SUPPLIED ENTRIES START

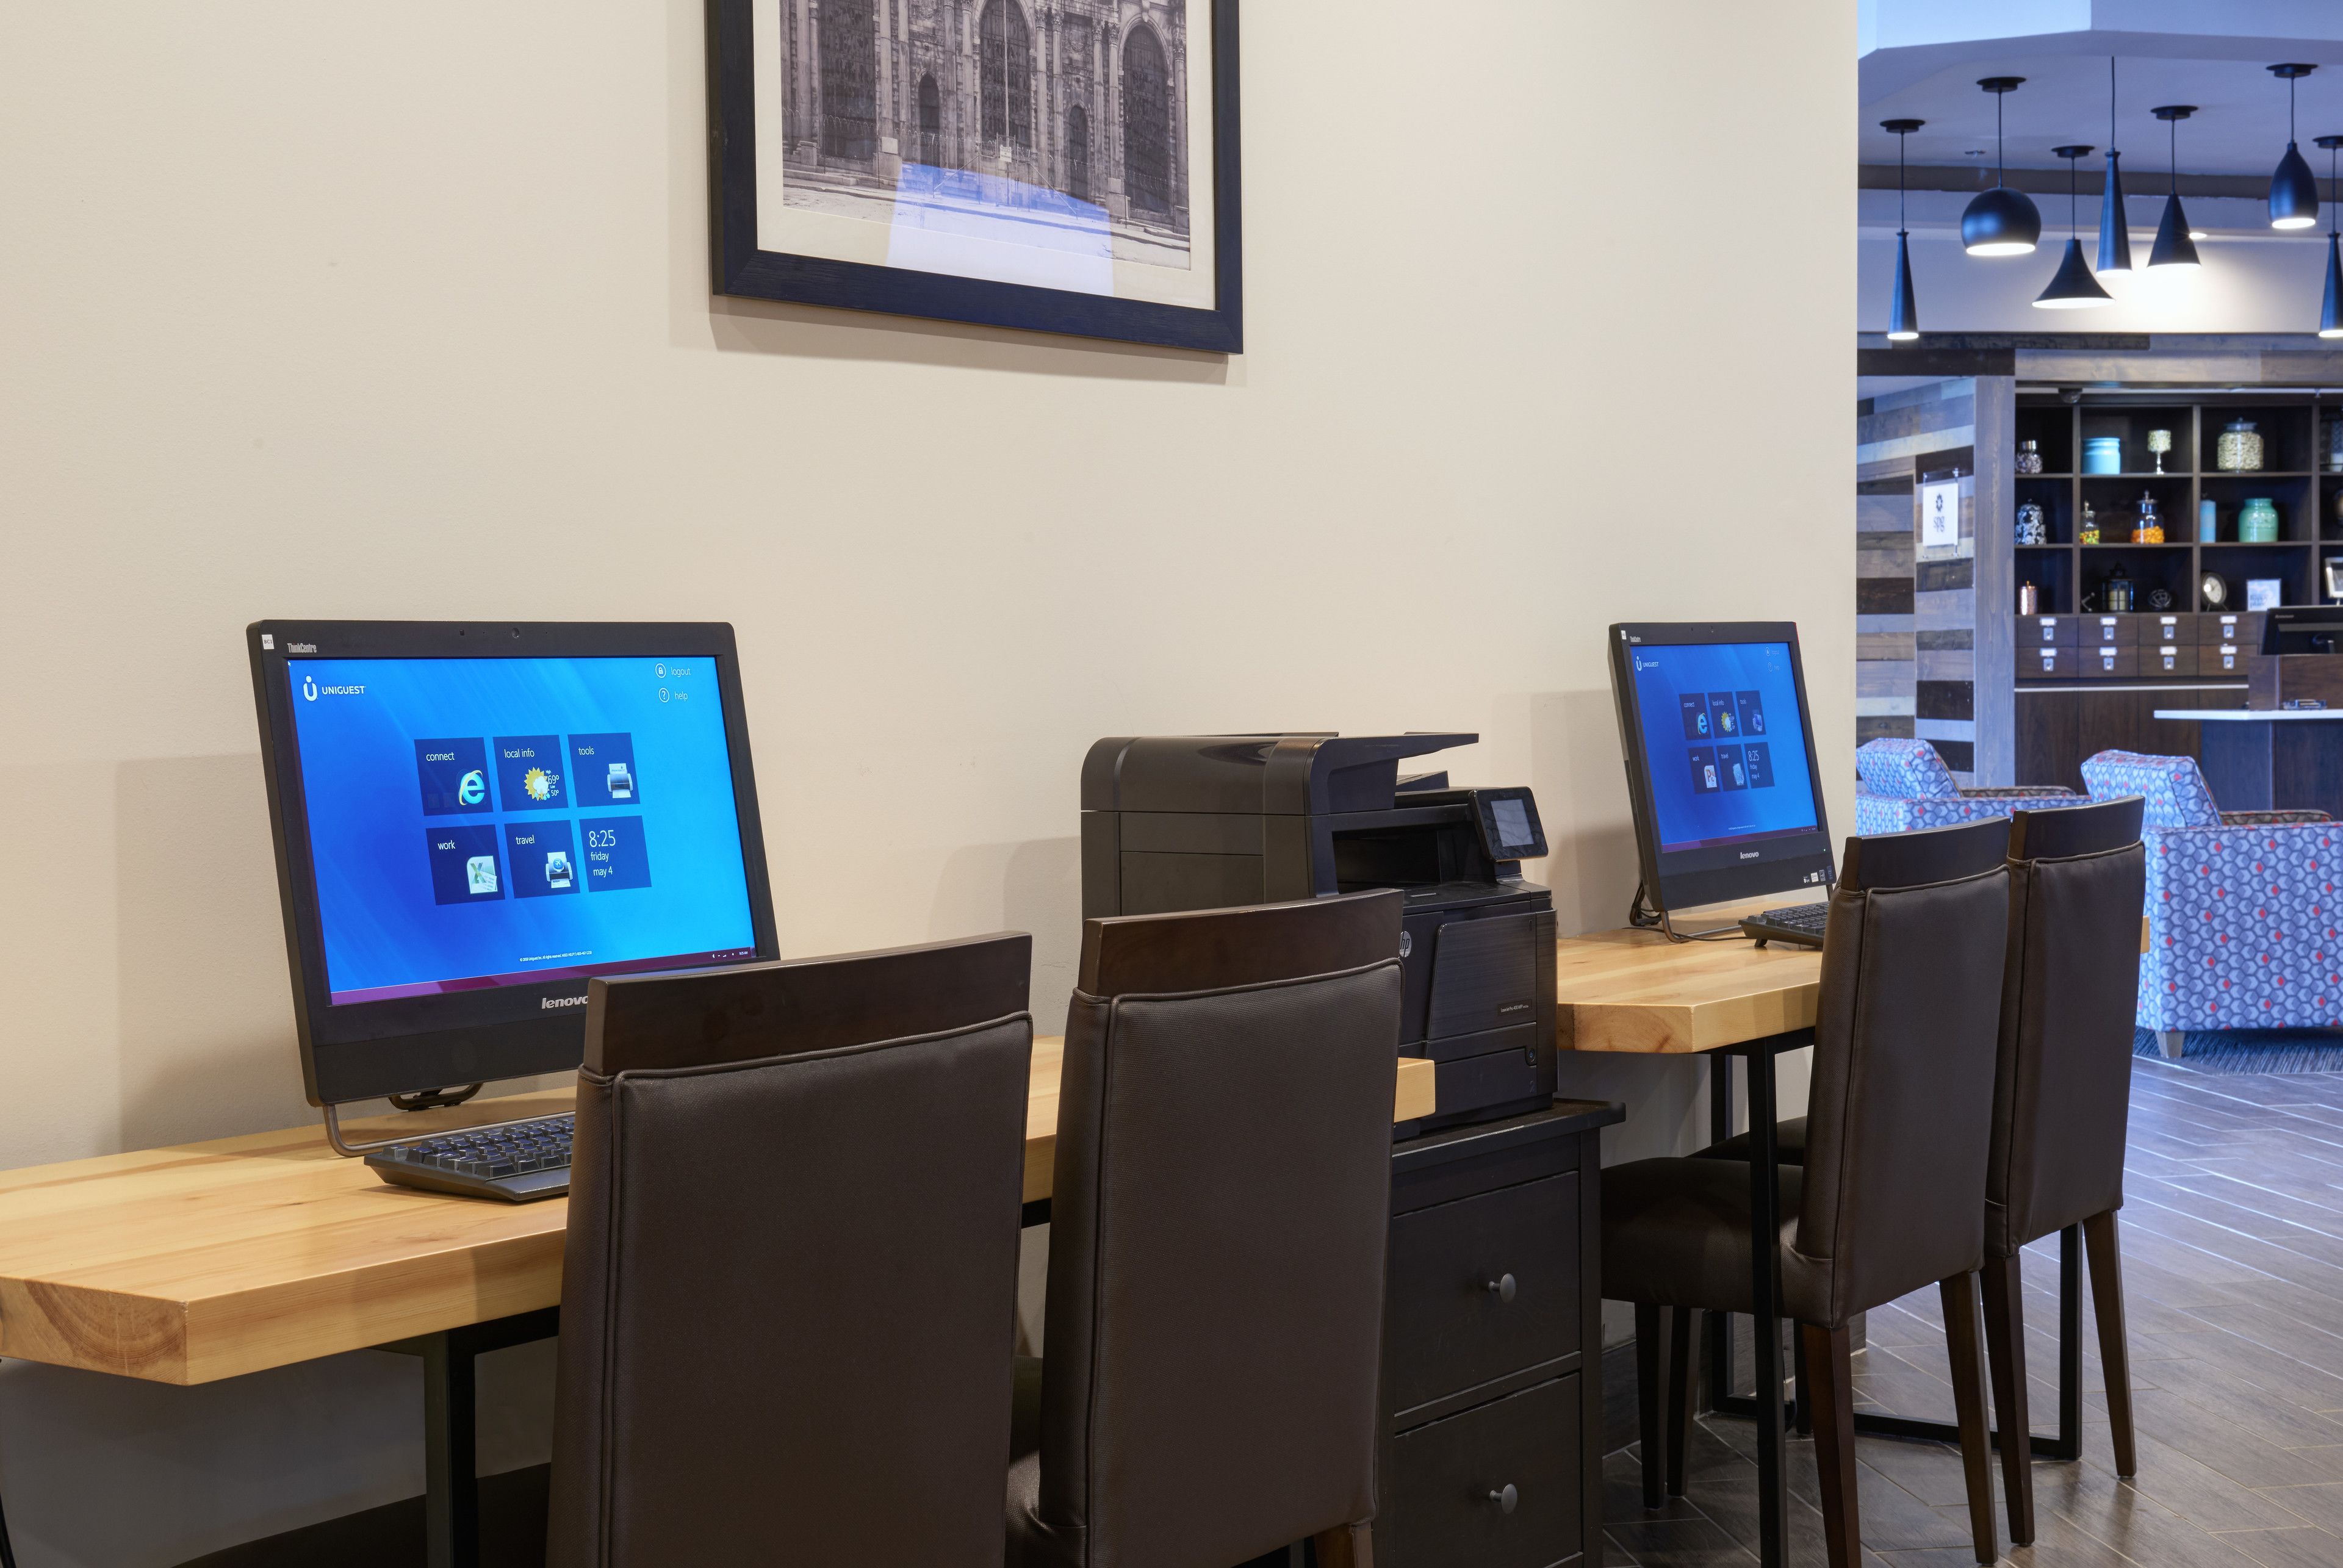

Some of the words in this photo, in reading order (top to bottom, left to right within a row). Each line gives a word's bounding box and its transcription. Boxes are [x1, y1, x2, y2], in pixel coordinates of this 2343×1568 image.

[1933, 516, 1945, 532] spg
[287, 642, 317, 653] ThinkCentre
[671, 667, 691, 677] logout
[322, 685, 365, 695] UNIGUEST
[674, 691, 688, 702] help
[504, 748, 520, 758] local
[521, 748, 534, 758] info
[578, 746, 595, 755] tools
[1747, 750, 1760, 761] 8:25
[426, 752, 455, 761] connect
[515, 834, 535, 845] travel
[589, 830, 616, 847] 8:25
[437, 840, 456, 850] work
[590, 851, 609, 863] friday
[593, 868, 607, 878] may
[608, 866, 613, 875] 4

SUPPLIED ENTRIES END

- [ACTIVITY]
Omit every picture, then repeat the remaining data exactly as it appears above.

- [WRITTEN SOLUTION]
Some of the words in this photo, in reading order (top to bottom, left to right within a row). Each line gives a word's bounding box and its transcription. Boxes are [x1, y1, x2, y2], in pixel coordinates of this 2343×1568 image.

[1933, 516, 1945, 532] spg
[287, 642, 317, 653] ThinkCentre
[671, 667, 691, 677] logout
[322, 685, 365, 695] UNIGUEST
[674, 691, 688, 702] help
[504, 748, 520, 758] local
[521, 748, 534, 758] info
[578, 746, 595, 755] tools
[1747, 750, 1760, 761] 8:25
[426, 752, 455, 761] connect
[515, 834, 535, 845] travel
[589, 830, 616, 847] 8:25
[437, 840, 456, 850] work
[590, 851, 609, 863] friday
[593, 868, 607, 878] may
[608, 866, 613, 875] 4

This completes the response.